Consul
Disaster recovery for federated primary datacenter
Operating a multi-datacenter federated environment requires you to prepare for many possibilities, including a complete outage of one of your physical datacenters, or a cloud provider outage that might make one of the components of your environment temporarily or permanently unavailable.
This can have different implications depending on your configuration, but it is something you want to be prepared for, in case the unthinkable happens.
This tutorial guides you through the process of creating a recovery strategy from a quorum loss to the complete loss of your primary datacenter.

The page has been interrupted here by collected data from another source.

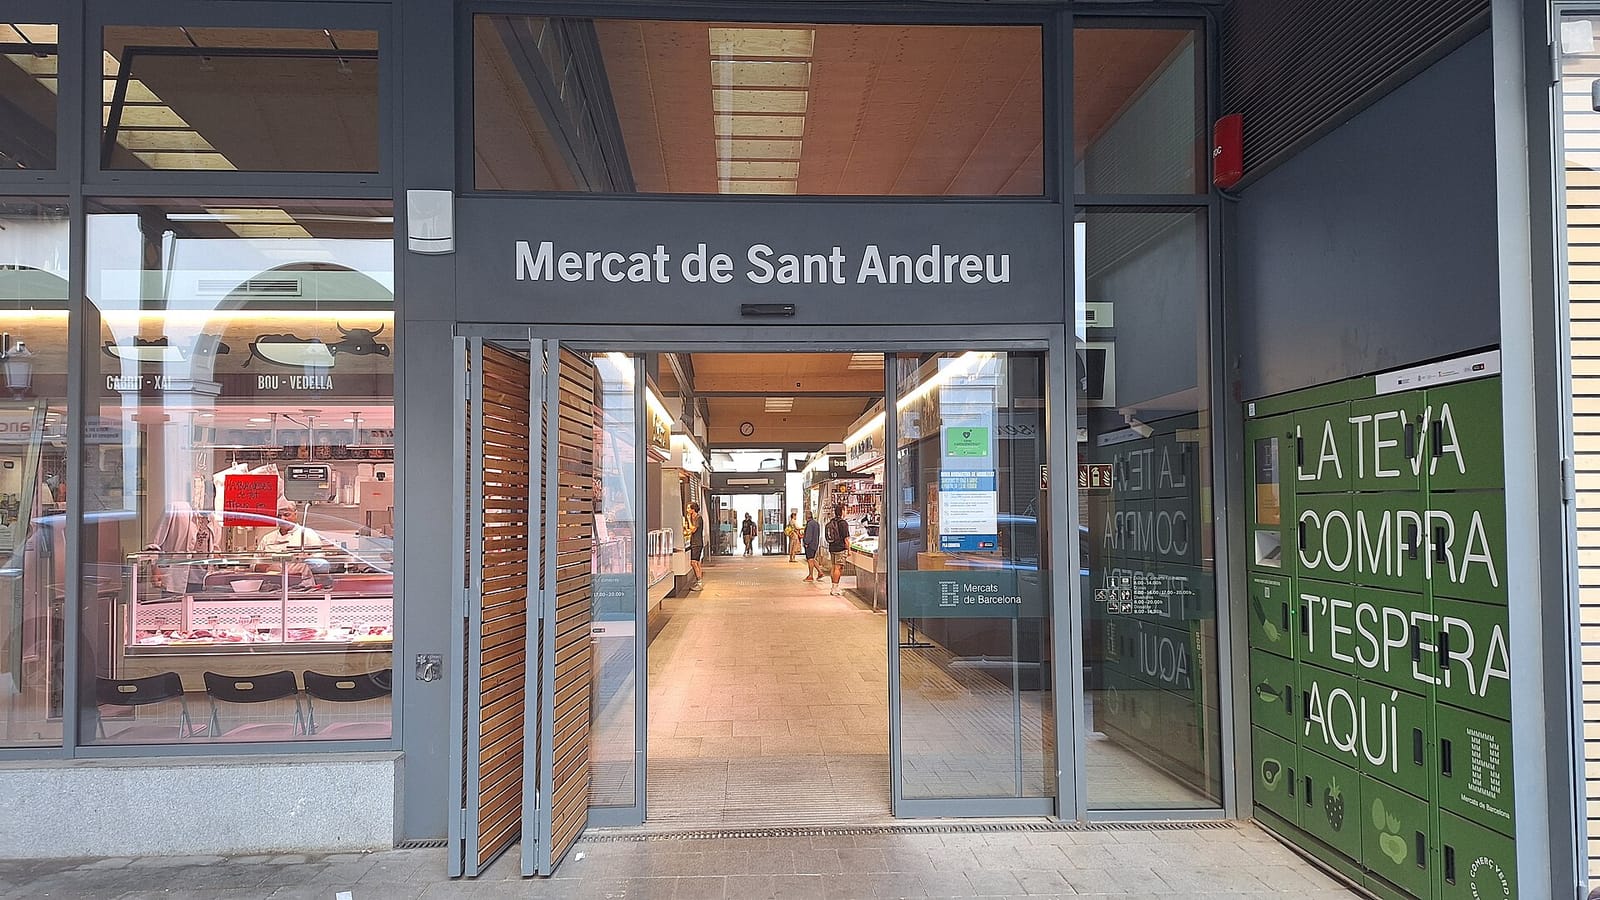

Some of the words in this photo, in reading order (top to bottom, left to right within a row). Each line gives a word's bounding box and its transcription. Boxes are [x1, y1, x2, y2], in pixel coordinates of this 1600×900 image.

[515, 240, 670, 284] Mercat
[681, 243, 734, 284] de
[746, 244, 846, 284] Sant
[856, 244, 1011, 284] Andreu
[106, 375, 143, 391] CABRIT
[258, 375, 279, 390] BOU
[290, 375, 333, 390] VEDELLA
[1297, 420, 1342, 481] LA
[1349, 403, 1466, 479] TEVA
[1298, 510, 1498, 587] COMPRA
[963, 584, 998, 592] Mercats
[963, 595, 975, 604] de
[978, 595, 1022, 604] Barcelona
[1300, 594, 1509, 697] T'ESPERA
[1305, 681, 1398, 773] AQUÍ
[1461, 793, 1478, 807] Mercats
[1486, 804, 1510, 820] Barcelona
[1470, 856, 1494, 878] COMERÇ
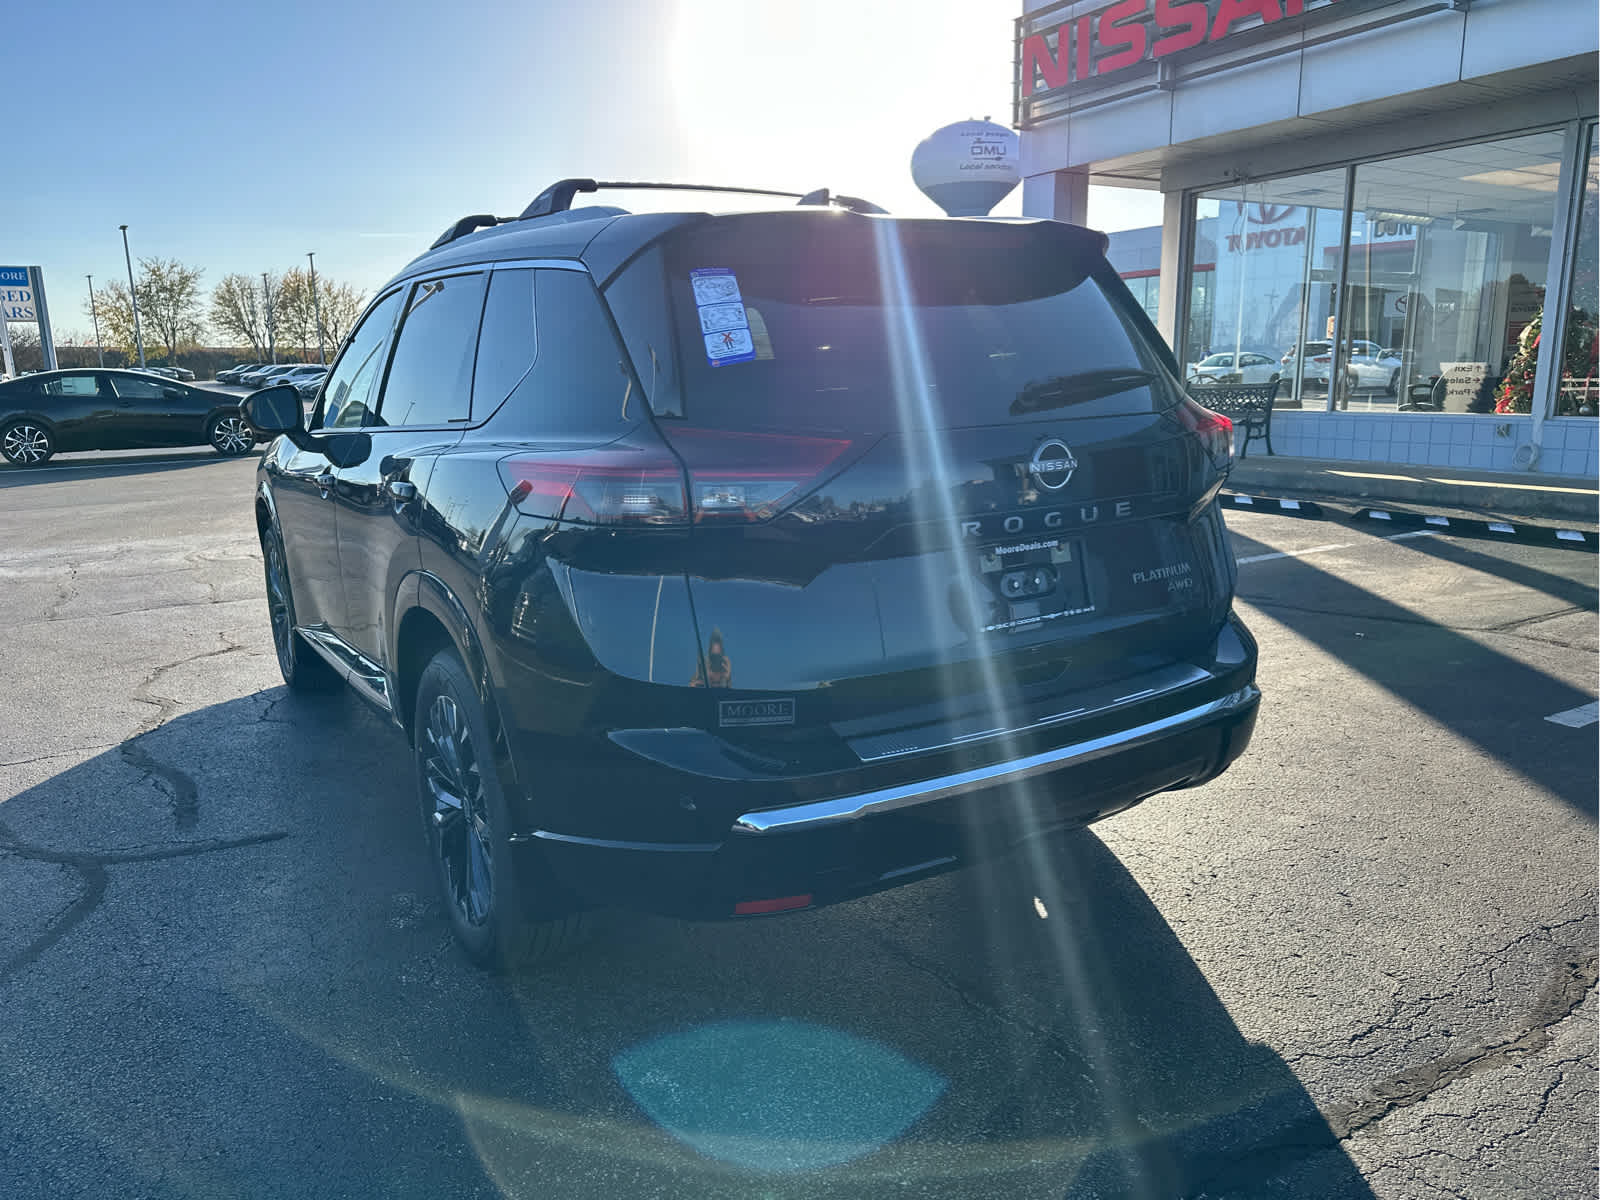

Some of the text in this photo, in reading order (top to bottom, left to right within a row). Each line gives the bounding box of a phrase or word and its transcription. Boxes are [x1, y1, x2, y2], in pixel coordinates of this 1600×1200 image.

[1022, 0, 1304, 97] NISSA
[0, 272, 26, 280] ORE
[1029, 459, 1078, 473] NISSAN
[961, 501, 1132, 538] ROGUE
[995, 539, 1059, 556] MooreDeals.com
[1132, 562, 1191, 584] PLATINUM
[1167, 577, 1193, 593] AWD
[727, 703, 788, 716] MOORE

The recommended logical steps are listed in three main sections, the first will help you prepare for an outage event, the second will help you restore your primary datacenter, and the third will help you validate the restore was successful and ensure federation is re-established.
Prerequisites
Base configuration
To complete this tutorial, you will need two wide area network (WAN) joined Consul datacenters with access control list (ACL) replication enabled. If you are starting from scratch, follow these tutorials to set up your datacenters, or use them to check that you have the proper configuration in place:
You will also need to enable ACL replication, which you can do by following the steps in the ACL Replication for Multiple Datacenters tutorial.
Mesh gateways
If you want to make use of the mesh gateway functionality, you can follow Connect Services Across Datacenters with Mesh Gateways to setup them for the two datacenters.
Central service configuration
Lastly, you should set enable_central_service_config = true
on your Consul clients which will allow you to centrally configure the sidecar
and mesh gateway proxies.
Disaster recovery process
The process can be summarized in the following phases:
- Formulate a disaster preparation strategy
- Outage event occurs for the primary datacenter
- Restore primary datacenter
- Restore and validate federation
Disaster preparation strategy
Use a recommended architecture
Not every outage has the same level of impact. A lot of the resiliency of your Consul federation will rely on proper configuration and the adoption of a recommended architecture.

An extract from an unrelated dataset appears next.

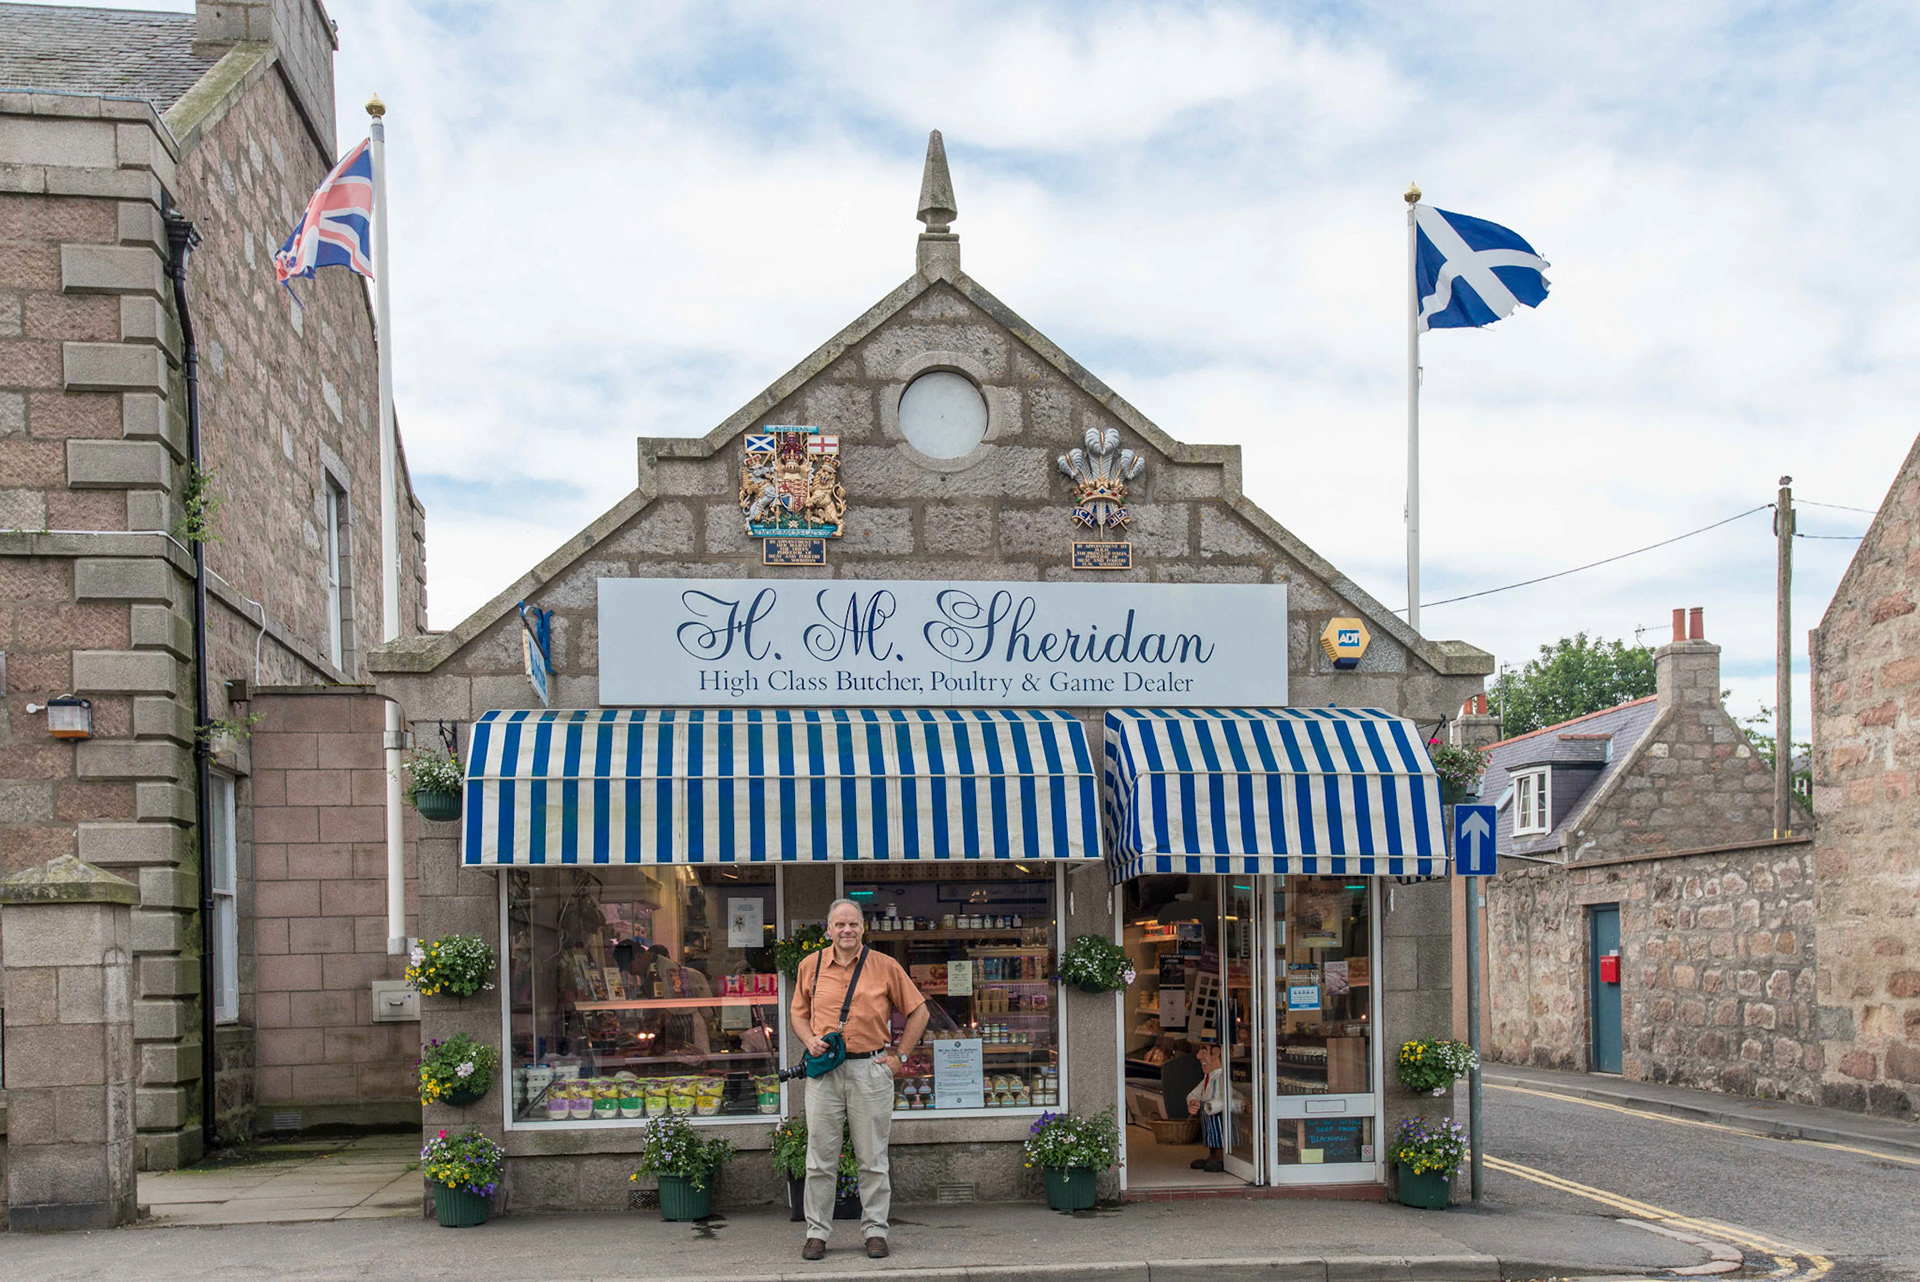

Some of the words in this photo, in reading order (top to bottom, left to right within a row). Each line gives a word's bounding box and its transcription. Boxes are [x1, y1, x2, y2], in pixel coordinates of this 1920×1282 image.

Refer to Consul Reference Architecture to learn the recommended configurations for your Consul datacenter.
Automate your deployment
Re-deploying an entire datacenter after an outage is a non-trivial operation that might require a considerable amount of time. You can reduce the time to recover by following Infrastructure as Code (IaC) principles and using tools such as Terraform and Vault to help you in the deployment and recovery process.
The amount of downtime you experience from the loss of your primary datacenter is directly proportional to the amount of time it takes you to deploy a new primary datacenter. Reducing the deployment time via automation will not only help you standardize the process and reduce errors, but also reduce the downtime you will experience after a datacenter loss.
Have a backup strategy
A Consul datacenter's state is more than just the initial configuration, it includes data that is generated during normal operations such as KV entries, ACL tokens, and intentions. When your datacenter fails, this information is lost and cannot be manually recreated without a backup. For example you may keep you Consul agent and service configuration in version control, however, you will not be able to as easily recover security credentials since credentials generated during the installation process are now different from the ones that were present in the datacenter that was “lost” in the disaster.

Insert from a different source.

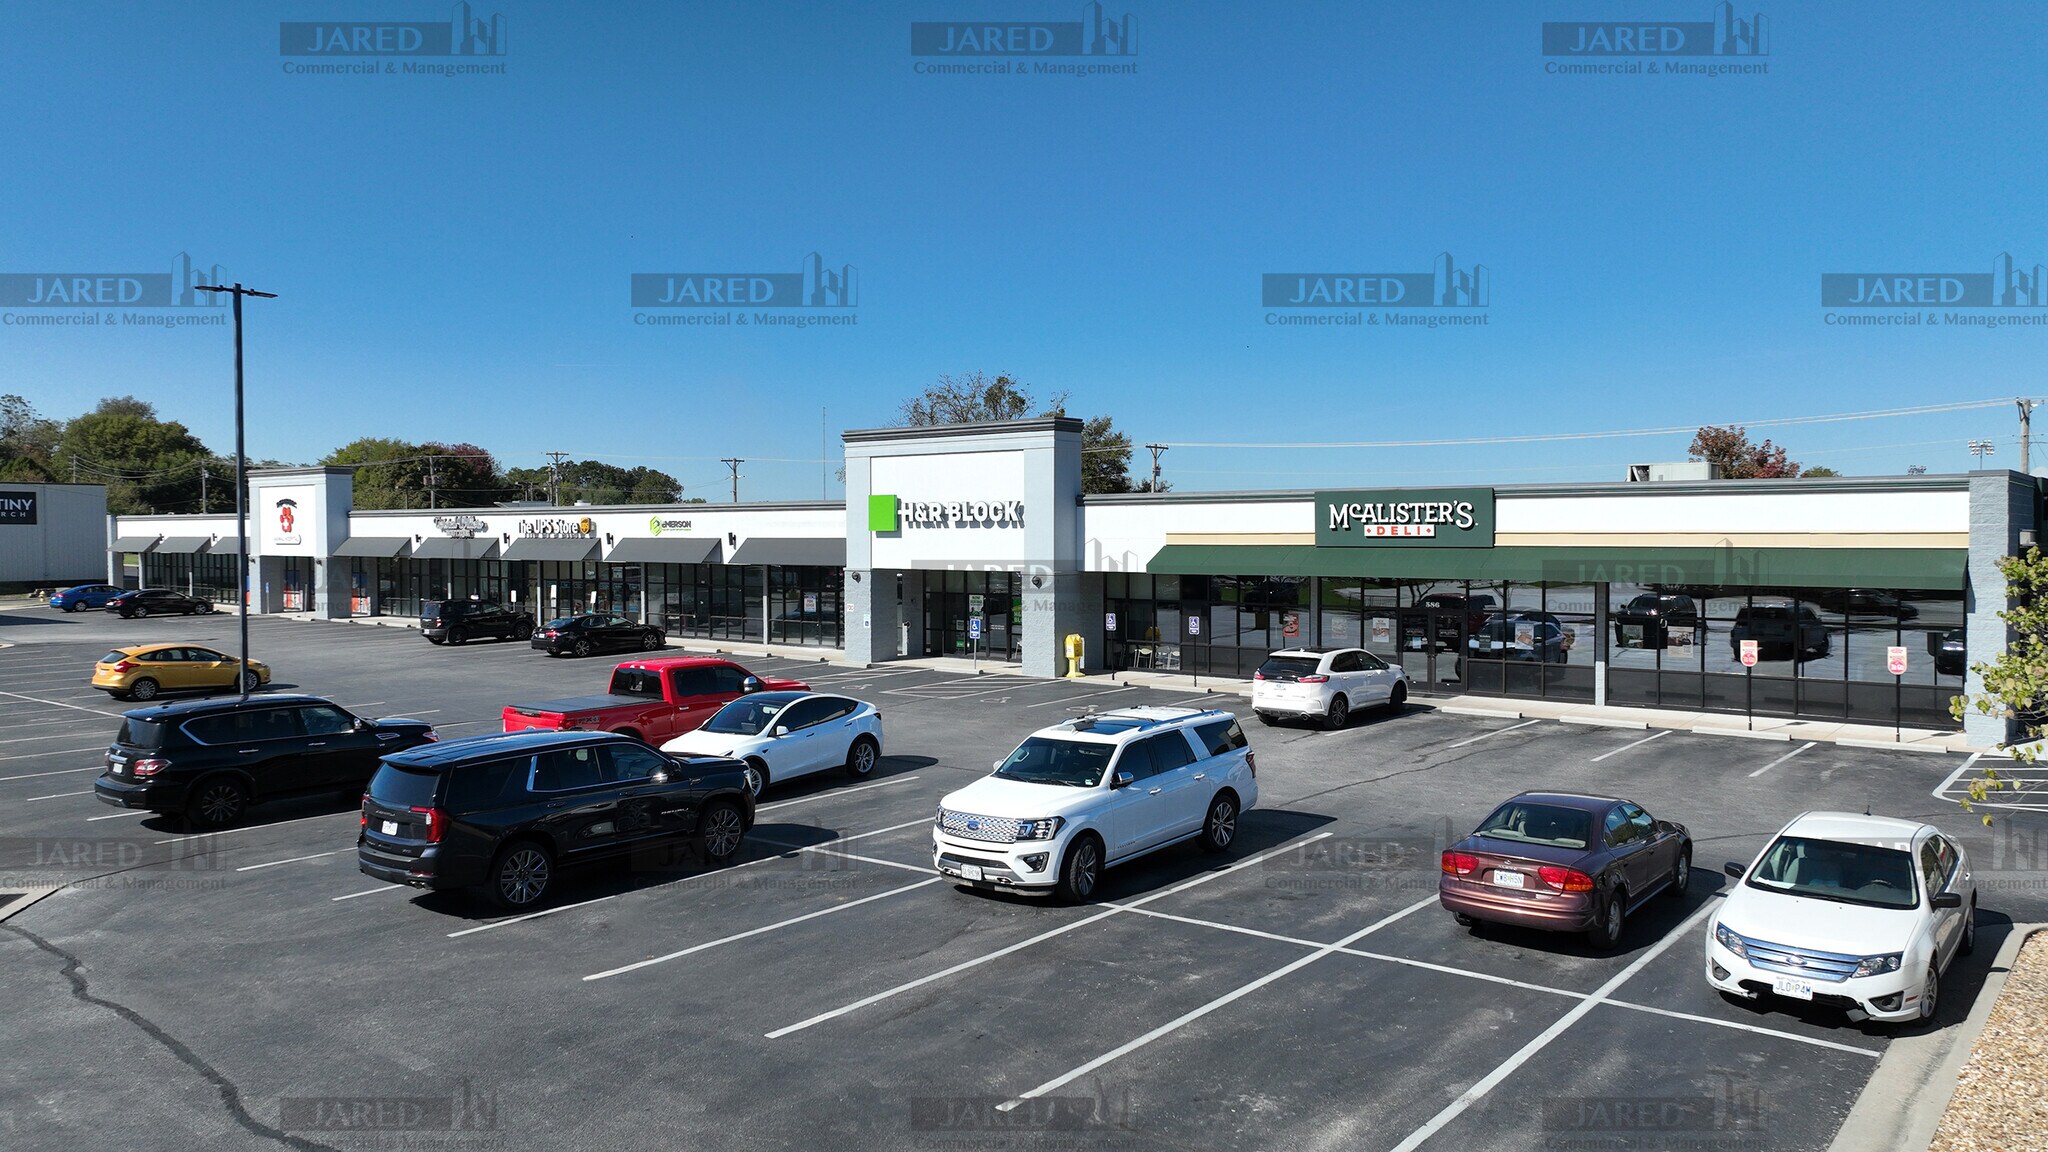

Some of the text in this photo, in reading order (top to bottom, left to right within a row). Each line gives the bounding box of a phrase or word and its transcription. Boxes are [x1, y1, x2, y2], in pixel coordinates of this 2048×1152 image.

[902, 501, 1020, 522] H&R BLOCK
[1376, 526, 1421, 535] DELI

The process of then updating every secret in Consul to reflect the updated value is tedious, error prone and hard to debug.
Restoring from a snapshot ensures all the intentions, KV entries and ACL tokens are reintroduced.
You can follow Backup Consul Data and State to learn how to perform a snapshot of your Consul datacenter to use in case of disaster.
Have a TLS certificate distribution process in place
Certificates are stored on the agent disk and not saved in a snapshot. This means you will have to re-generate them.
Consul comes equipped with a command ,consul tls
, that permits you to generate
TLS certificates for the agents. This simplifies the automation of deployment by
giving you the ability to generate a CA and TLS certificates as part of the
process.
As an alternative, we suggest you use Vault as a CA and TLS certificate generator to help you automate the process. You can follow Generate mTLS Certificates for Consul with Vault to learn how to automate certificate generation and distribution for your Consul server agents.
Adopt an adequate ACL down policy
When your primary datacenter is down you lose your ability to validate
ACL policies. To mitigate this Consul has a configuration parameter,
down_policy
, that tells Consul which strategy to follow if ACLs
cannot be validated against the primary datacenter.
By default, Consul adopts the extend-cache
approach, meaning that in case of an
outage Consul will allow cached ACL objects to be used, ignoring their TTL
values. If a non-cached ACL is used, extend-cache
acts like deny
.
If you changed the down_policy
to the more restrictive value of deny
, you
will be impacted more severely from the outage, since
all ACL protected operations in the secondary datacenter will be denied until the primary datacenter is restored.
Outage event in the primary datacenter
Depending on your configuration, multiple levels of outage can occur.
This tutorial covers how to handle outages that render the primary datacenter unable to serve requests, including service discovery requests to Consul DNS and intention validation. This can happen in many possible ways, but the two extremes of the spectrum are the following:
- Loss of quorum in the primary datacenter This is an outage where the datacenter has less than (N/2)+1 servers available, where N is the total number of servers. While some of the nodes are unaffected, not enough are available to form a quorum.
- Complete loss of the primary datacenter This is either a disaster event that completely wipes an entire facility or a major outage of your cloud provider.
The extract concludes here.